▶ [WORK TASK]:
When a picture appears among the records, leave it out, and copy all else exactly.

▶ [SOURCE DATA]:
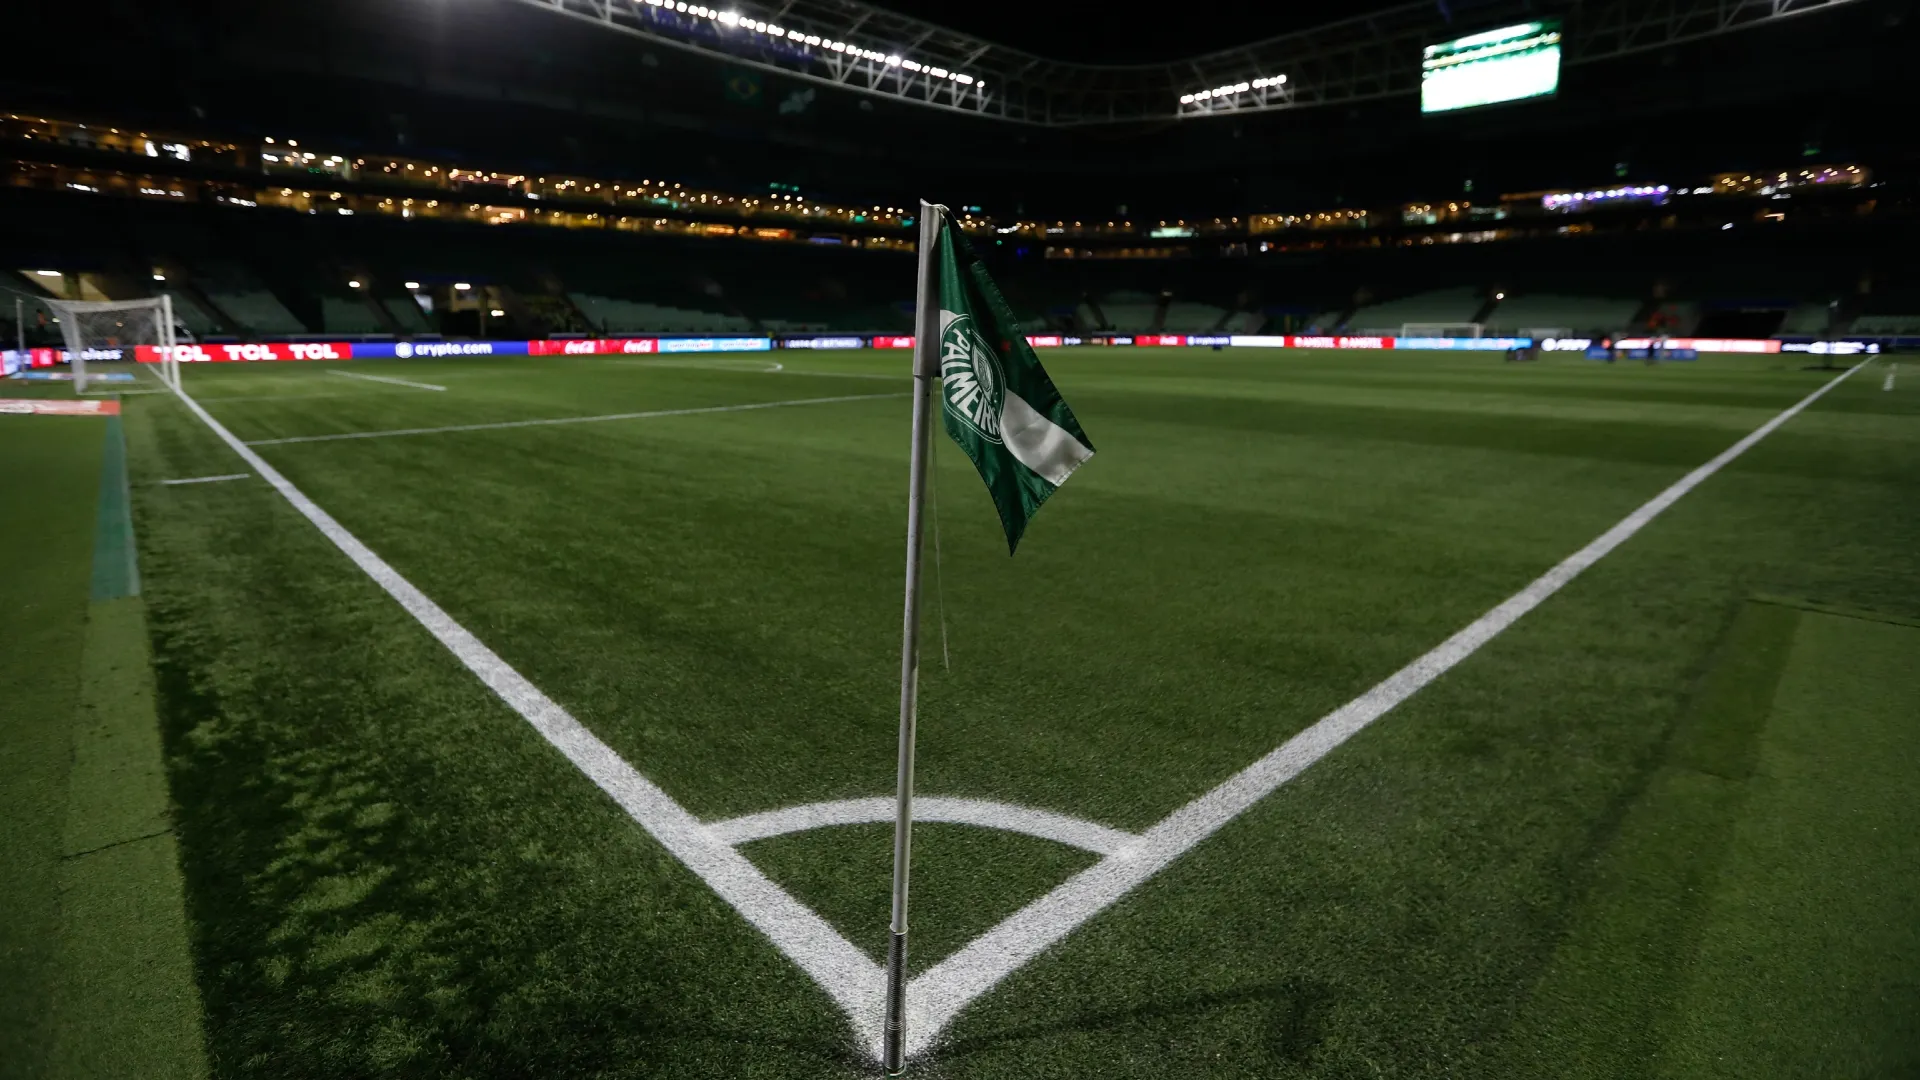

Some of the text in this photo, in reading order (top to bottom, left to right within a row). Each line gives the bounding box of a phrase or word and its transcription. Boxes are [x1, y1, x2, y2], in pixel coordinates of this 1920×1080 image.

[152, 345, 211, 362] TCL
[223, 344, 277, 361] TCL
[288, 343, 339, 360] TCL
[415, 342, 493, 357] crypto.com
[941, 328, 1000, 435] PALMEIRA

▶ [EXERCISE RESULT]:
Some of the text in this photo, in reading order (top to bottom, left to right within a row). Each line gives the bounding box of a phrase or word and its transcription. Boxes are [x1, y1, x2, y2], in pixel coordinates of this 1920×1080 image.

[152, 345, 211, 362] TCL
[223, 344, 277, 361] TCL
[288, 343, 339, 360] TCL
[415, 342, 493, 357] crypto.com
[941, 328, 1000, 435] PALMEIRA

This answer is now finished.